SanjiWatsuki/Lelantos-DPO-7B

TEXT GENERATIONConcurrency Cost:1Model Size:7BQuant:FP8Ctx Length:4kPublished:Jan 12, 2024License:cc-by-nc-4.0Architecture:Transformer0.0K Open Weights Cold

SanjiWatsuki/Lelantos-DPO-7B is a 7 billion parameter language model developed by SanjiWatsuki, fine-tuned using Direct Preference Optimization (DPO). This model demonstrates strong performance across various benchmarks, achieving an average score of 58.54% across AGIEval, GPT4All, TruthfulQA, and Bigbench. It is particularly suited for general-purpose language understanding and generation tasks where robust performance on common reasoning and knowledge-based evaluations is critical.

Loading preview...

Lelantos-DPO-7B: A DPO-Fine-Tuned 7B Language Model

Lelantos-DPO-7B is a 7 billion parameter language model developed by SanjiWatsuki, distinguished by its fine-tuning using Direct Preference Optimization (DPO). This optimization method enhances the model's ability to align with human preferences, leading to improved performance on a range of evaluative benchmarks.

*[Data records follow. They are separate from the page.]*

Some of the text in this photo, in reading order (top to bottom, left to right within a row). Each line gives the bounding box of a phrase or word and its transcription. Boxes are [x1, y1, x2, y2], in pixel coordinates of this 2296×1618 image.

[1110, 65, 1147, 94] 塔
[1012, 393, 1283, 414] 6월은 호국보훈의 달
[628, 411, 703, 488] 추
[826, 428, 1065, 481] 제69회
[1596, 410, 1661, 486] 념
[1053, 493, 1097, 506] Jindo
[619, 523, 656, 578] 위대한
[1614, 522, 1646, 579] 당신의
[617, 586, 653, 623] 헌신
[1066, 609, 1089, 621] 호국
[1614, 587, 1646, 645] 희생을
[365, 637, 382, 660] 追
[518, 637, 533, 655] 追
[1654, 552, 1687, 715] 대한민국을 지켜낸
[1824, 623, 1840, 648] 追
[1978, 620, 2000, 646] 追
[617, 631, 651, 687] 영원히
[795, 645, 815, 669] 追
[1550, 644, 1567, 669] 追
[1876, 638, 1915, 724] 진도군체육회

Key Capabilities & Performance

The model demonstrates solid performance across several established benchmarks, with an overall average score of 58.54%.

  • AGIEval: Achieves an average of 45.47%, with notable scores in tasks like agieval_sat_en (76.70%) and agieval_lsat_rc (65.06%).
  • GPT4All: Scores an average of 75.0%, performing well on arc_easy (85.40%), boolq (87.25%), and winogrande (77.27%).
  • TruthfulQA: Records an average of 67.05% on the truthfulqa_mc benchmark, indicating a good capacity for generating truthful and informative responses.
  • Bigbench: Attains an average of 46.64%, showing competence in tasks such as bigbench_sports_understanding (73.23%) and bigbench_snarks (72.38%).

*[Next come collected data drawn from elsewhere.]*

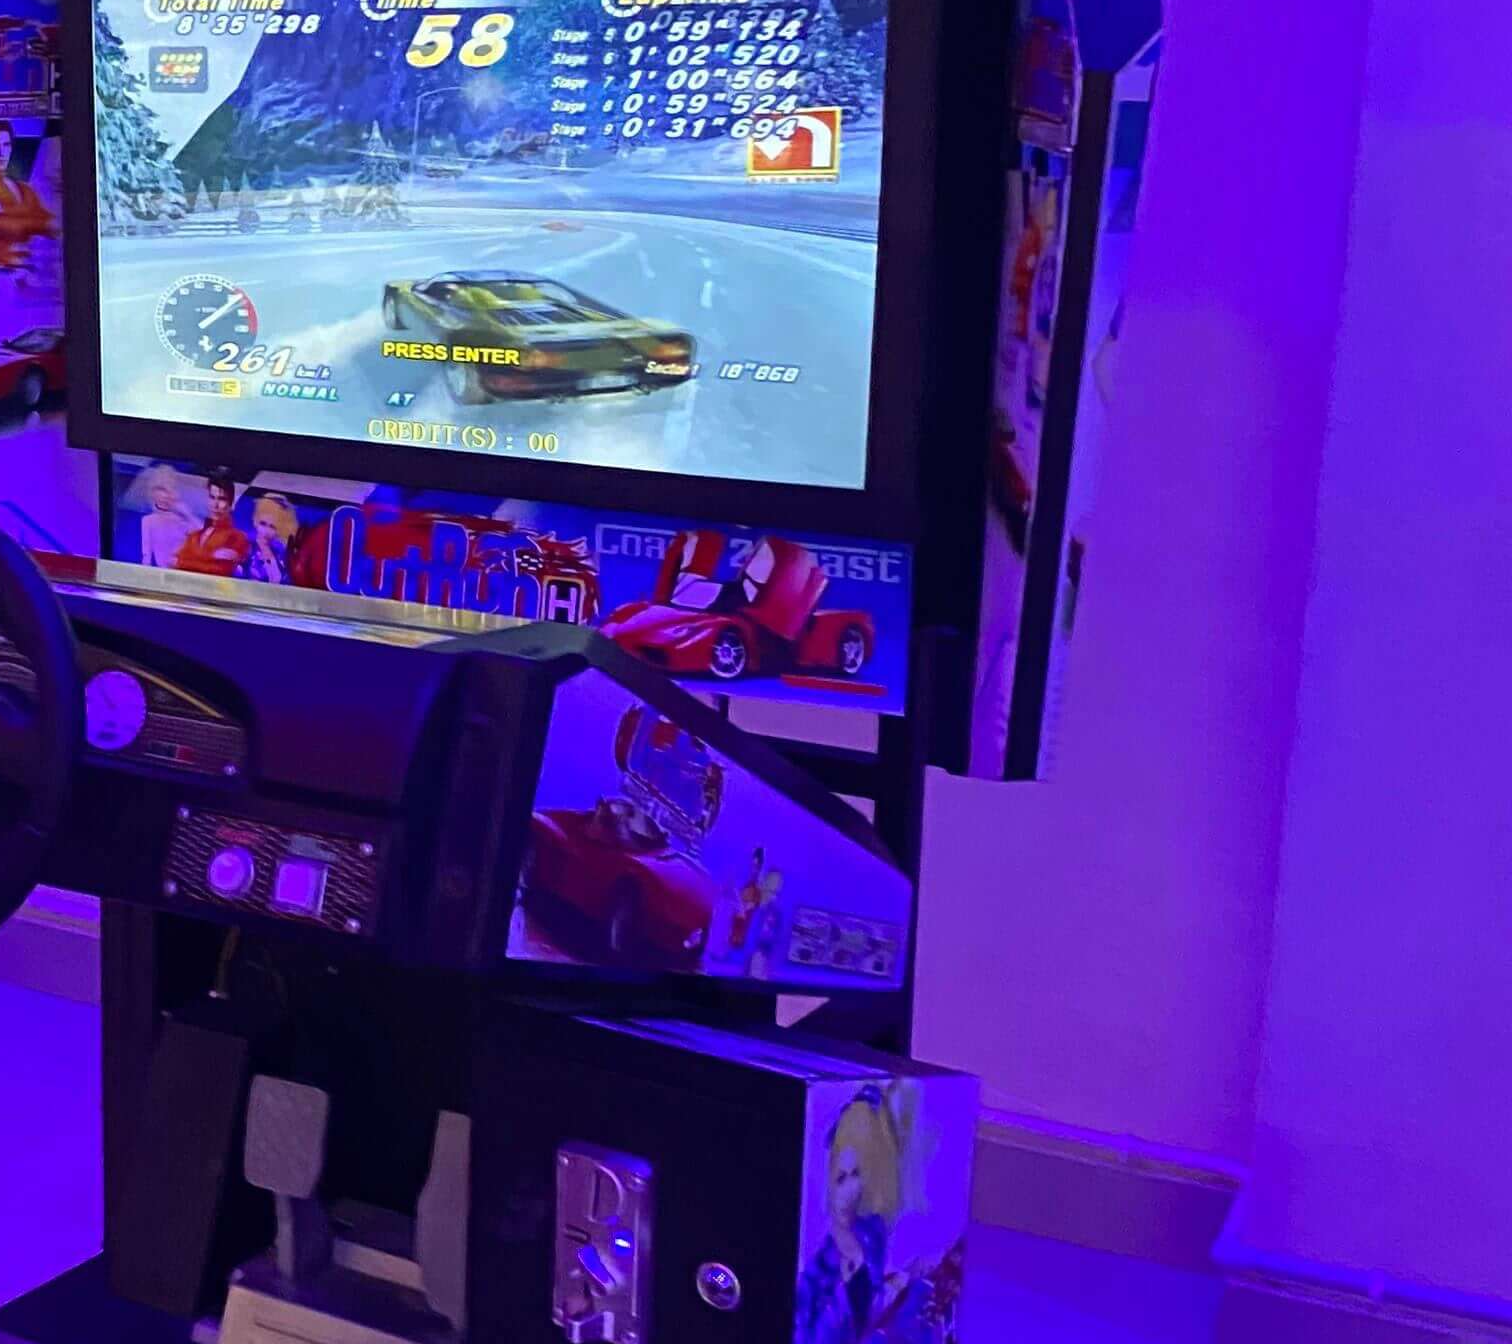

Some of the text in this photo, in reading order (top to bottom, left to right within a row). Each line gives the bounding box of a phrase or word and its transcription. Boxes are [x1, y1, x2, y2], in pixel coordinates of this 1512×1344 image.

[405, 13, 514, 68] 58
[551, 30, 589, 43] Stage
[551, 53, 588, 67] Stage
[551, 77, 588, 90] Stage
[550, 100, 587, 113] Stage
[550, 123, 586, 137] Stage
[212, 341, 293, 376] 261
[382, 342, 521, 365] PRESS ENTER
[262, 382, 340, 402] NORMAL
[386, 392, 415, 406] AT
[326, 506, 541, 620] OutRun

What Makes This Different?

Lelantos-DPO-7B stands out due to its DPO fine-tuning, which is designed to improve response quality and alignment. When compared to its base model, Lelantos-7B, the DPO version shows a slight improvement in overall average score (58.54% vs. 58.04%), particularly in TruthfulQA (67.05% vs. 64.93%), suggesting enhanced truthfulness and preference alignment.

Should I Use This for My Use Case?

This model is a strong candidate for applications requiring reliable general-purpose language understanding and generation. Its balanced performance across diverse benchmarks makes it suitable for tasks such as:

  • Question Answering: Especially where factual accuracy and reasoning are important.
  • Content Generation: For producing coherent and contextually relevant text.
  • Conversational AI: Where aligned and truthful responses are desired.

Consider Lelantos-DPO-7B if your application benefits from a 7B model with demonstrated capabilities in reasoning, knowledge recall, and preference alignment.